Work to complete:
Could you reproduce every record below exactly as written?

---------- Recorded information ----------

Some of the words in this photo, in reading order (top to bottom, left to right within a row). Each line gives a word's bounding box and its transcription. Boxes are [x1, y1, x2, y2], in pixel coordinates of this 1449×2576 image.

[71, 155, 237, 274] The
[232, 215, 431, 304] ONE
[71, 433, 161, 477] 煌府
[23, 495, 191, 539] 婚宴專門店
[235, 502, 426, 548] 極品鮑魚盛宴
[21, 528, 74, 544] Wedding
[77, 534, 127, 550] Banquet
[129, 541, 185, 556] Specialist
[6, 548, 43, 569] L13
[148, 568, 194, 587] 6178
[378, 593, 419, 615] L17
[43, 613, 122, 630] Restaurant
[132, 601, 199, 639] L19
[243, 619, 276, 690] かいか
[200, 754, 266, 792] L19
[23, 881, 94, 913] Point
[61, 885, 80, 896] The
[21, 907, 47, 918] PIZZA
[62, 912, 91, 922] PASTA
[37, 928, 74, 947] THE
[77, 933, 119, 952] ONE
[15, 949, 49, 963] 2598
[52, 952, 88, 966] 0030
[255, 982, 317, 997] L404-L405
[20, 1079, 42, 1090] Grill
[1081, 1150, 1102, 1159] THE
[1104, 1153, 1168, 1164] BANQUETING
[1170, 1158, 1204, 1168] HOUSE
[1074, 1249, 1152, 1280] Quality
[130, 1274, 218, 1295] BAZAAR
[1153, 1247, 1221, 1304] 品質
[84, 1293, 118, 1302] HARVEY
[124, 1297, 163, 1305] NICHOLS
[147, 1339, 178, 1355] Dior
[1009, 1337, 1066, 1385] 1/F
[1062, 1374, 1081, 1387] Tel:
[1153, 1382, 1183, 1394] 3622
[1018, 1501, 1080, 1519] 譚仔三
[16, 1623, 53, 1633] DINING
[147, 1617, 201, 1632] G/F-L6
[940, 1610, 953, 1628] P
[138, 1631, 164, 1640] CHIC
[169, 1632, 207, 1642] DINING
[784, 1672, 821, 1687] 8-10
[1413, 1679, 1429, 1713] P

----------

Reply to the exercise:
Some of the words in this photo, in reading order (top to bottom, left to right within a row). Each line gives a word's bounding box and its transcription. Boxes are [x1, y1, x2, y2], in pixel coordinates of this 1449×2576 image.

[71, 155, 237, 274] The
[232, 215, 431, 304] ONE
[71, 433, 161, 477] 煌府
[23, 495, 191, 539] 婚宴專門店
[235, 502, 426, 548] 極品鮑魚盛宴
[21, 528, 74, 544] Wedding
[77, 534, 127, 550] Banquet
[129, 541, 185, 556] Specialist
[6, 548, 43, 569] L13
[148, 568, 194, 587] 6178
[378, 593, 419, 615] L17
[43, 613, 122, 630] Restaurant
[132, 601, 199, 639] L19
[243, 619, 276, 690] かいか
[200, 754, 266, 792] L19
[23, 881, 94, 913] Point
[61, 885, 80, 896] The
[21, 907, 47, 918] PIZZA
[62, 912, 91, 922] PASTA
[37, 928, 74, 947] THE
[77, 933, 119, 952] ONE
[15, 949, 49, 963] 2598
[52, 952, 88, 966] 0030
[255, 982, 317, 997] L404-L405
[20, 1079, 42, 1090] Grill
[1081, 1150, 1102, 1159] THE
[1104, 1153, 1168, 1164] BANQUETING
[1170, 1158, 1204, 1168] HOUSE
[1074, 1249, 1152, 1280] Quality
[130, 1274, 218, 1295] BAZAAR
[1153, 1247, 1221, 1304] 品質
[84, 1293, 118, 1302] HARVEY
[124, 1297, 163, 1305] NICHOLS
[147, 1339, 178, 1355] Dior
[1009, 1337, 1066, 1385] 1/F
[1062, 1374, 1081, 1387] Tel:
[1153, 1382, 1183, 1394] 3622
[1018, 1501, 1080, 1519] 譚仔三
[16, 1623, 53, 1633] DINING
[147, 1617, 201, 1632] G/F-L6
[940, 1610, 953, 1628] P
[138, 1631, 164, 1640] CHIC
[169, 1632, 207, 1642] DINING
[784, 1672, 821, 1687] 8-10
[1413, 1679, 1429, 1713] P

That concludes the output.